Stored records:
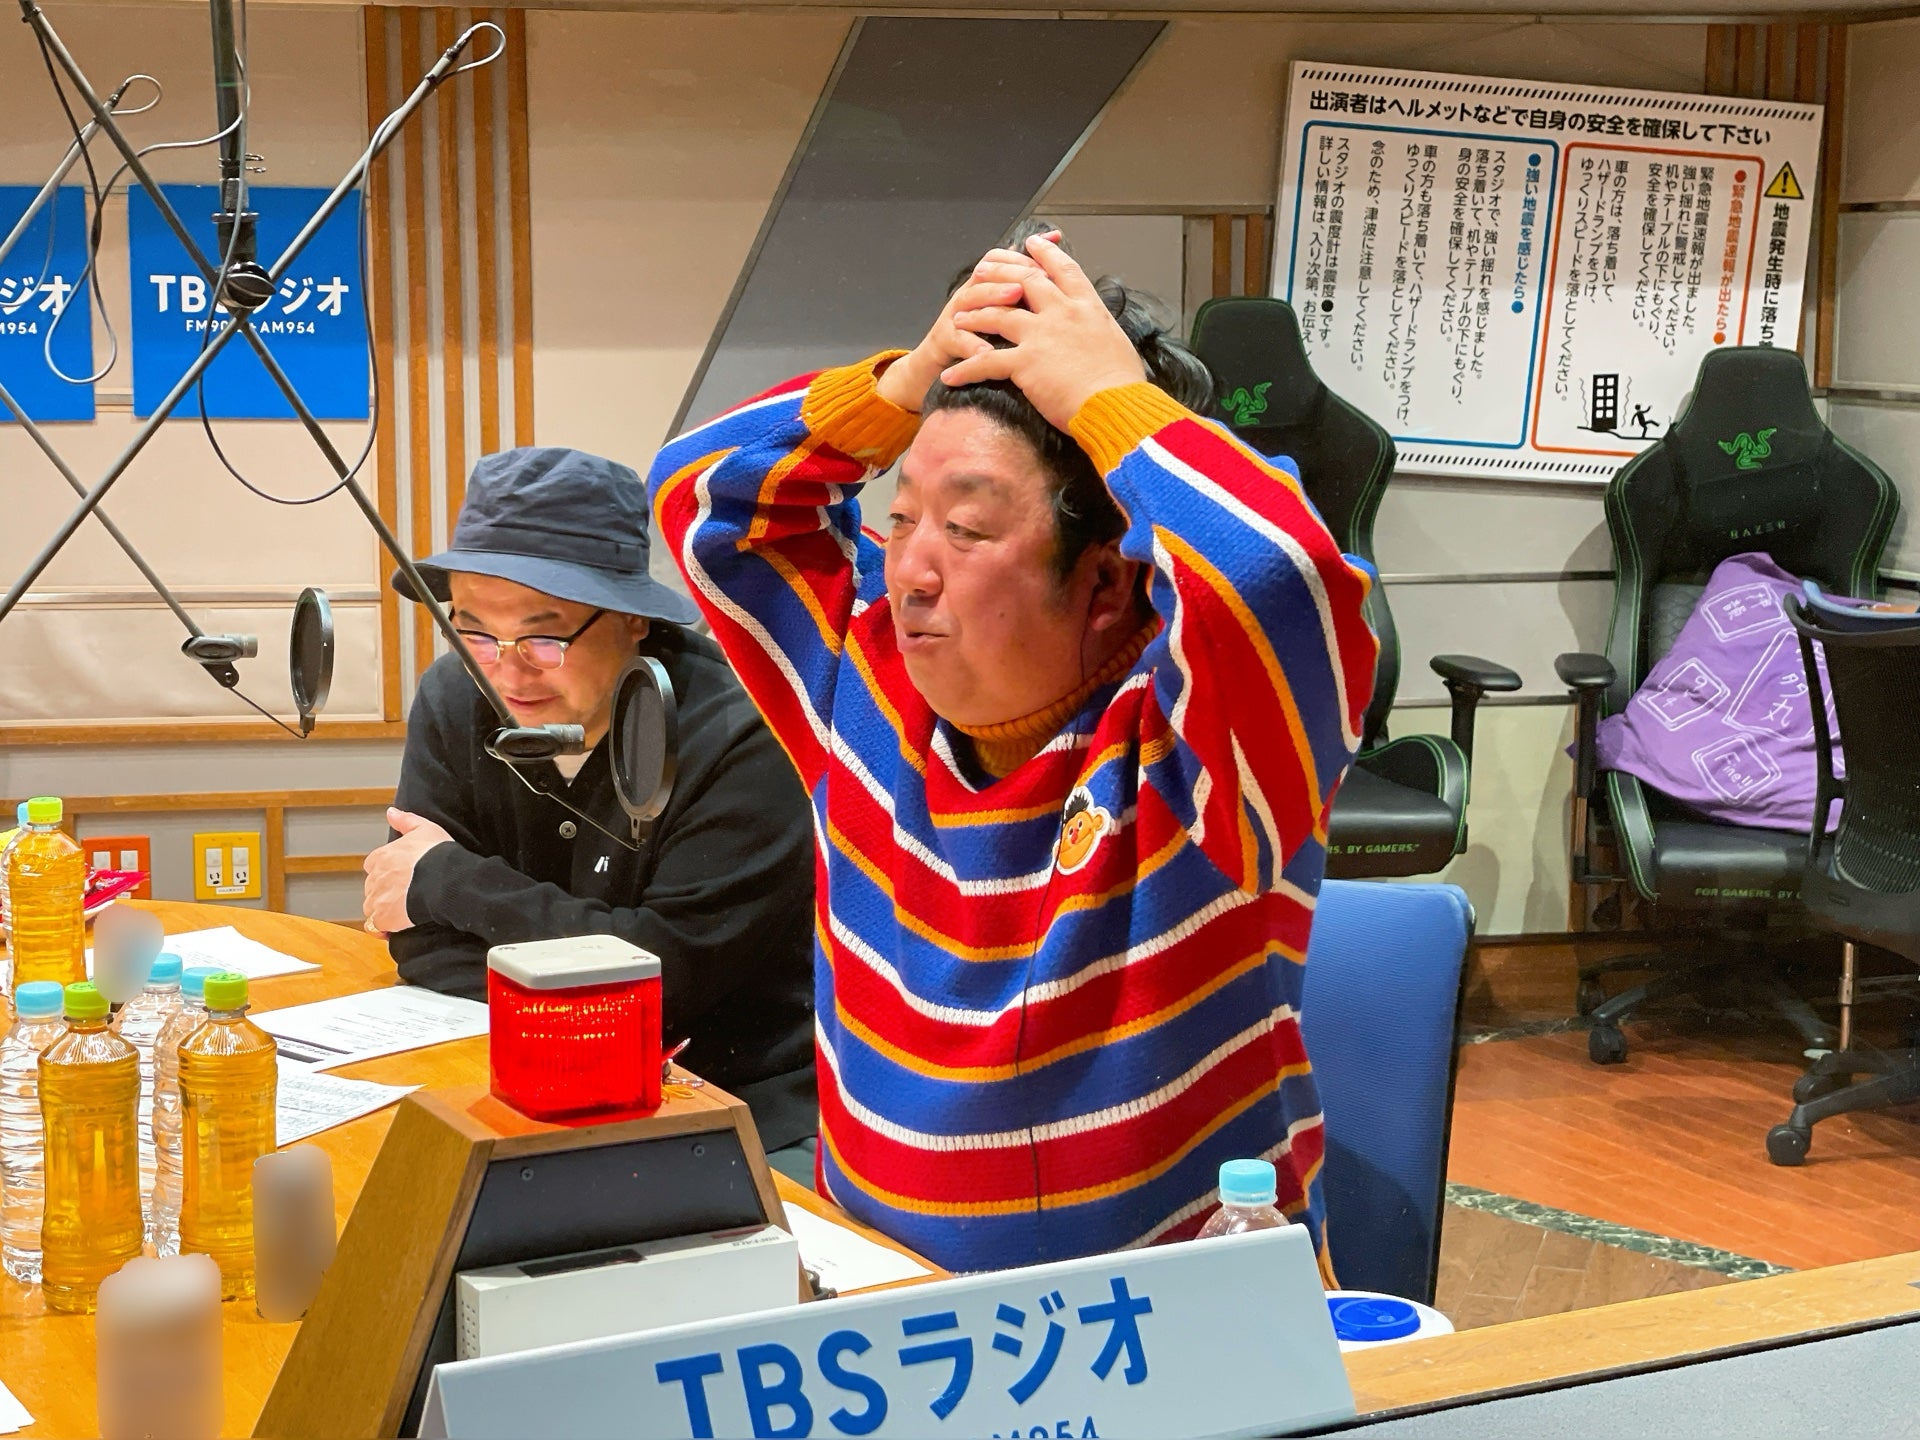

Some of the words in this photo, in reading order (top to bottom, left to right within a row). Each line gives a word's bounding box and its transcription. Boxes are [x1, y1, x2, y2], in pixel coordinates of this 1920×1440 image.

[1309, 89, 1771, 145] 出演者はヘルメットなどで自身の安全を確保して下さい
[149, 274, 350, 317] TBジオ
[1350, 139, 1386, 372] 念のため、津波に注意してください。
[1383, 143, 1421, 390] ゆっくりスピードを落としてください。
[1396, 144, 1439, 426] 車の方も落ち着いて、ハザードランプをつけ、
[1440, 147, 1472, 342] 身の安全を確保してください。
[1451, 148, 1490, 404] 落ち着いて、机やテーブルの下にもぐり、
[1470, 150, 1506, 380] スタジオで、強い揺れを感じました。
[1555, 157, 1595, 401] ゆっくりスピードを落としてください。
[1583, 158, 1611, 304] ハザードランプをつけ、
[1601, 160, 1629, 303] 車の方は、落ち着いて、
[1632, 162, 1663, 328] 安全を確保してください。
[1649, 163, 1680, 341] 机やテーブルの下にもぐり、
[1663, 165, 1698, 356] 強い揺れに警戒してください。
[1682, 166, 1715, 335] 緊急地震速報が出ました。
[1759, 202, 1790, 347] 地震発生時に落ち
[259, 321, 316, 335] AM954
[1346, 845, 1362, 854] BY
[1695, 887, 1719, 897] FOR
[1777, 890, 1794, 899] BY
[655, 1276, 1153, 1439] TBSラジオ

* [TRY IT] The required output is each line above restated verbatim, with all images omitted.

* [OUTPUT OF THE EXERCISE]
Some of the words in this photo, in reading order (top to bottom, left to right within a row). Each line gives a word's bounding box and its transcription. Boxes are [x1, y1, x2, y2], in pixel coordinates of this 1920×1440 image.

[1309, 89, 1771, 145] 出演者はヘルメットなどで自身の安全を確保して下さい
[149, 274, 350, 317] TBジオ
[1350, 139, 1386, 372] 念のため、津波に注意してください。
[1383, 143, 1421, 390] ゆっくりスピードを落としてください。
[1396, 144, 1439, 426] 車の方も落ち着いて、ハザードランプをつけ、
[1440, 147, 1472, 342] 身の安全を確保してください。
[1451, 148, 1490, 404] 落ち着いて、机やテーブルの下にもぐり、
[1470, 150, 1506, 380] スタジオで、強い揺れを感じました。
[1555, 157, 1595, 401] ゆっくりスピードを落としてください。
[1583, 158, 1611, 304] ハザードランプをつけ、
[1601, 160, 1629, 303] 車の方は、落ち着いて、
[1632, 162, 1663, 328] 安全を確保してください。
[1649, 163, 1680, 341] 机やテーブルの下にもぐり、
[1663, 165, 1698, 356] 強い揺れに警戒してください。
[1682, 166, 1715, 335] 緊急地震速報が出ました。
[1759, 202, 1790, 347] 地震発生時に落ち
[259, 321, 316, 335] AM954
[1346, 845, 1362, 854] BY
[1695, 887, 1719, 897] FOR
[1777, 890, 1794, 899] BY
[655, 1276, 1153, 1439] TBSラジオ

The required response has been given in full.